··· DATA FOR THE TASK

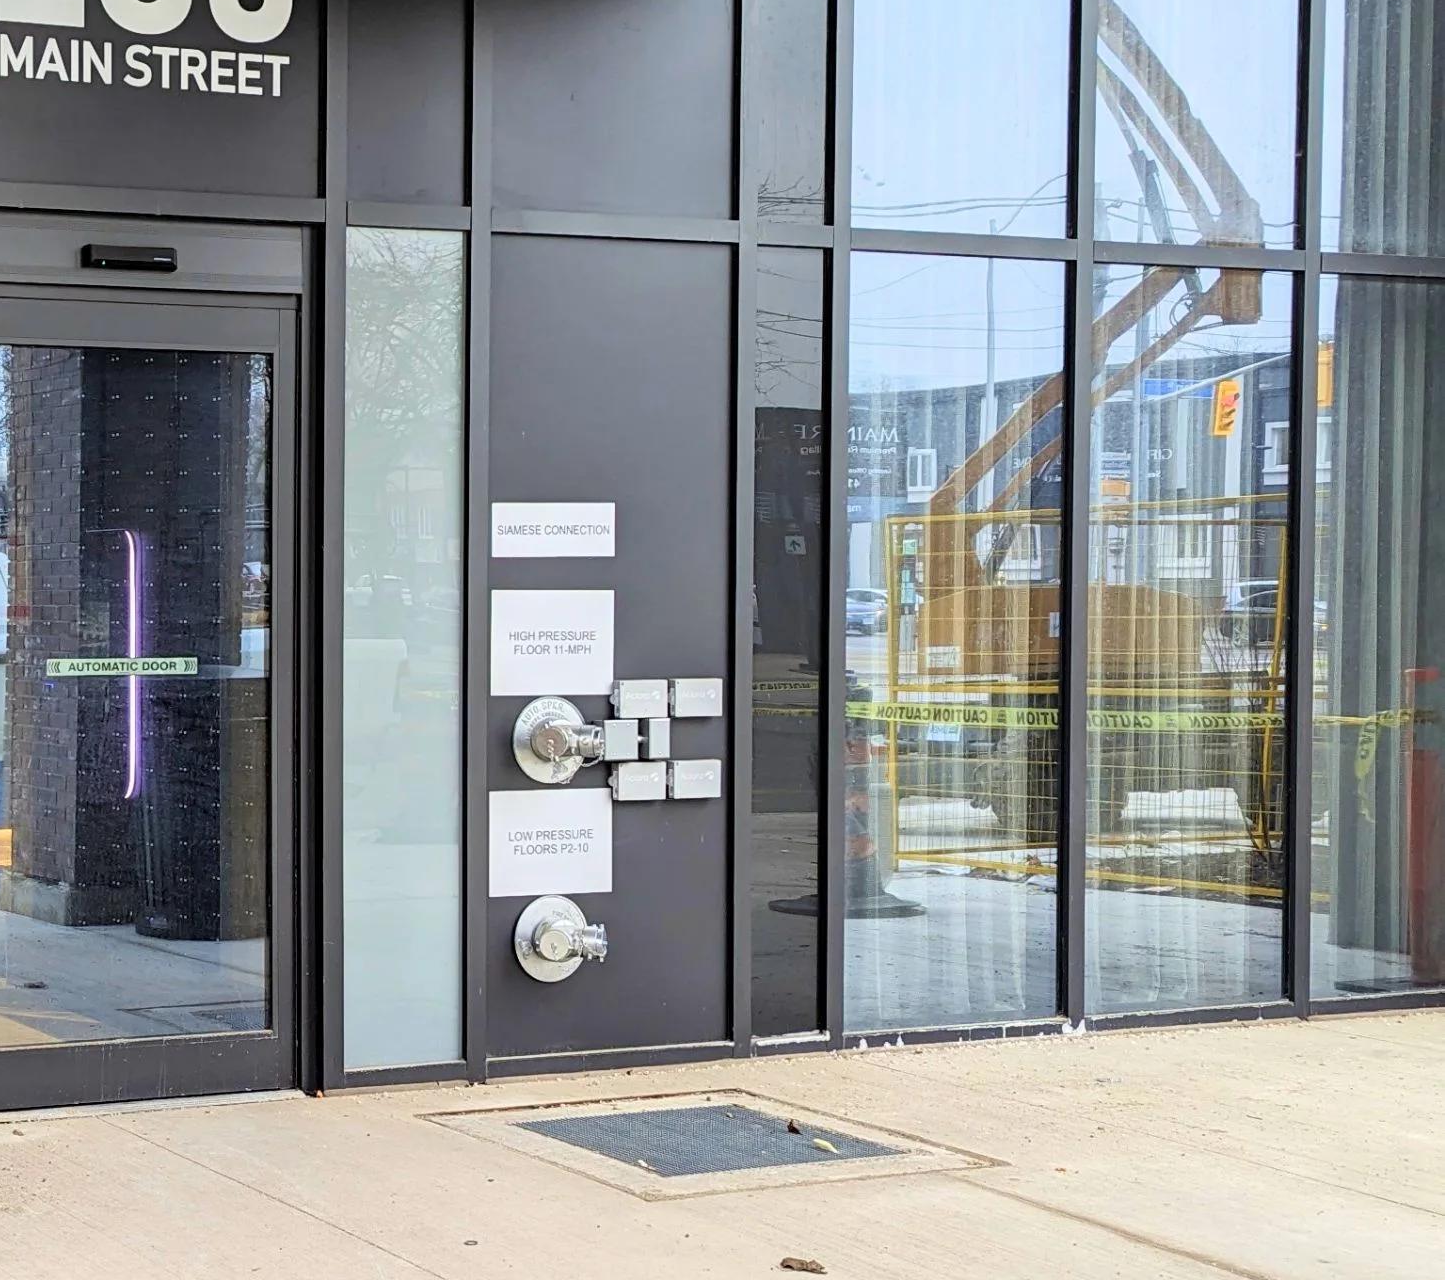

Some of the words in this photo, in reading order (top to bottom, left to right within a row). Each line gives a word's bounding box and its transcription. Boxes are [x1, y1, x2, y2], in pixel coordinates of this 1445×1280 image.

[0, 34, 112, 85] MAIN
[123, 44, 290, 97] STREET
[497, 524, 542, 535] SIAMESE
[544, 524, 610, 535] CONNECTION
[509, 631, 536, 641] HIGH
[538, 630, 597, 641] PRESSURE
[514, 644, 551, 655] FLOOR
[554, 644, 592, 655] 11-MPH
[68, 662, 138, 672] AUTOMATIC
[142, 661, 177, 671] DOOR
[508, 831, 533, 842] LOW
[536, 828, 594, 841] PRESSURE
[514, 843, 558, 855] FLOORS
[560, 842, 589, 853] P2-10
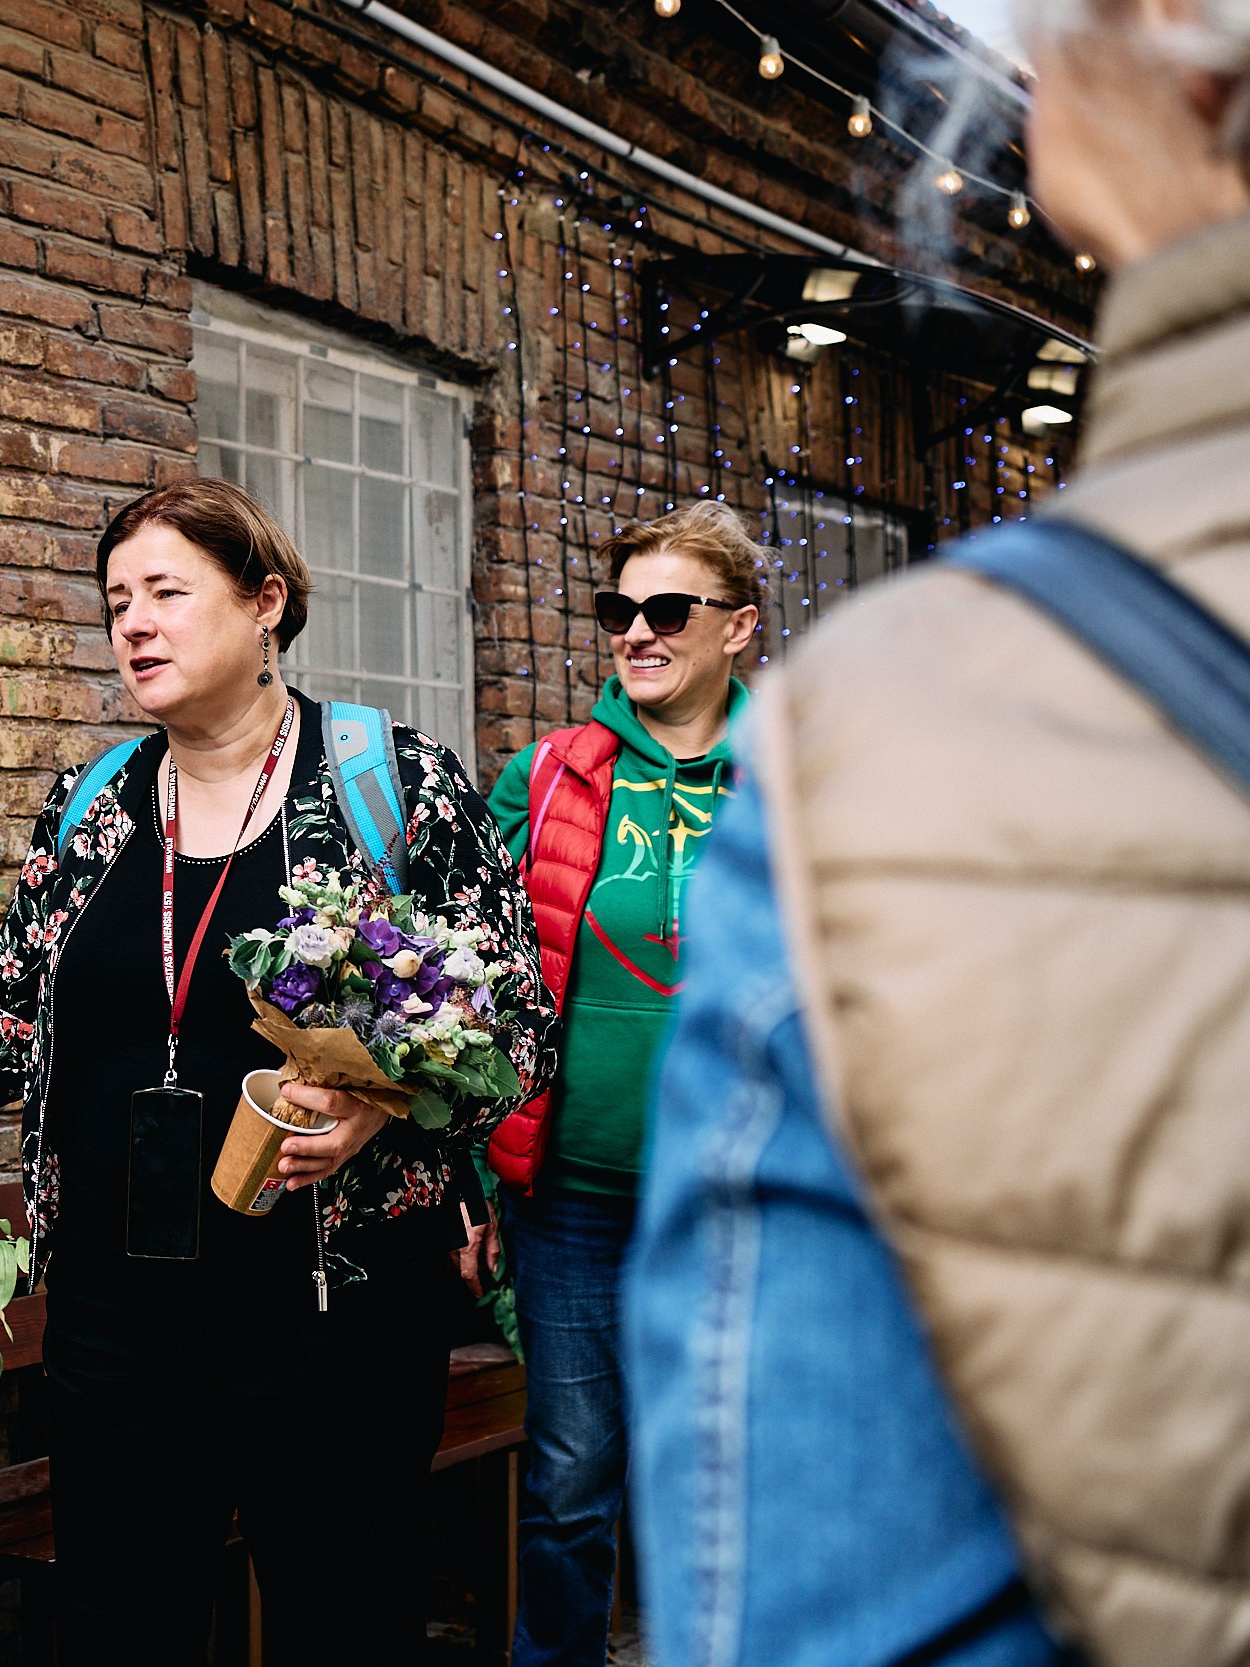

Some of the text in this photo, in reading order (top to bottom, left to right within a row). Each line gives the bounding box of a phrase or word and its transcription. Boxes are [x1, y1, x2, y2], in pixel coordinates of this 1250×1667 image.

[271, 737, 284, 757] 1579
[167, 772, 176, 821] UNIVERSITAS
[163, 890, 172, 910] 1579
[163, 911, 172, 955] VILNENSIS

······

Each line of the data above must be reproduced as written. Skip the pictures.

## RESPONSE BOX
Some of the words in this photo, in reading order (top to bottom, left to right within a row). Each line gives a word's bounding box and its transcription. Boxes are [x1, y1, x2, y2], in pixel coordinates of this 1445×1280 image.

[0, 34, 112, 85] MAIN
[123, 44, 290, 97] STREET
[497, 524, 542, 535] SIAMESE
[544, 524, 610, 535] CONNECTION
[509, 631, 536, 641] HIGH
[538, 630, 597, 641] PRESSURE
[514, 644, 551, 655] FLOOR
[554, 644, 592, 655] 11-MPH
[68, 662, 138, 672] AUTOMATIC
[142, 661, 177, 671] DOOR
[508, 831, 533, 842] LOW
[536, 828, 594, 841] PRESSURE
[514, 843, 558, 855] FLOORS
[560, 842, 589, 853] P2-10

Some of the text in this photo, in reading order (top to bottom, left to right within a row). Each line gives the bounding box of a phrase or word and its transcription. Boxes are [x1, y1, x2, y2], in pixel coordinates of this 1250×1667 image.

[271, 737, 284, 757] 1579
[167, 772, 176, 821] UNIVERSITAS
[163, 890, 172, 910] 1579
[163, 911, 172, 955] VILNENSIS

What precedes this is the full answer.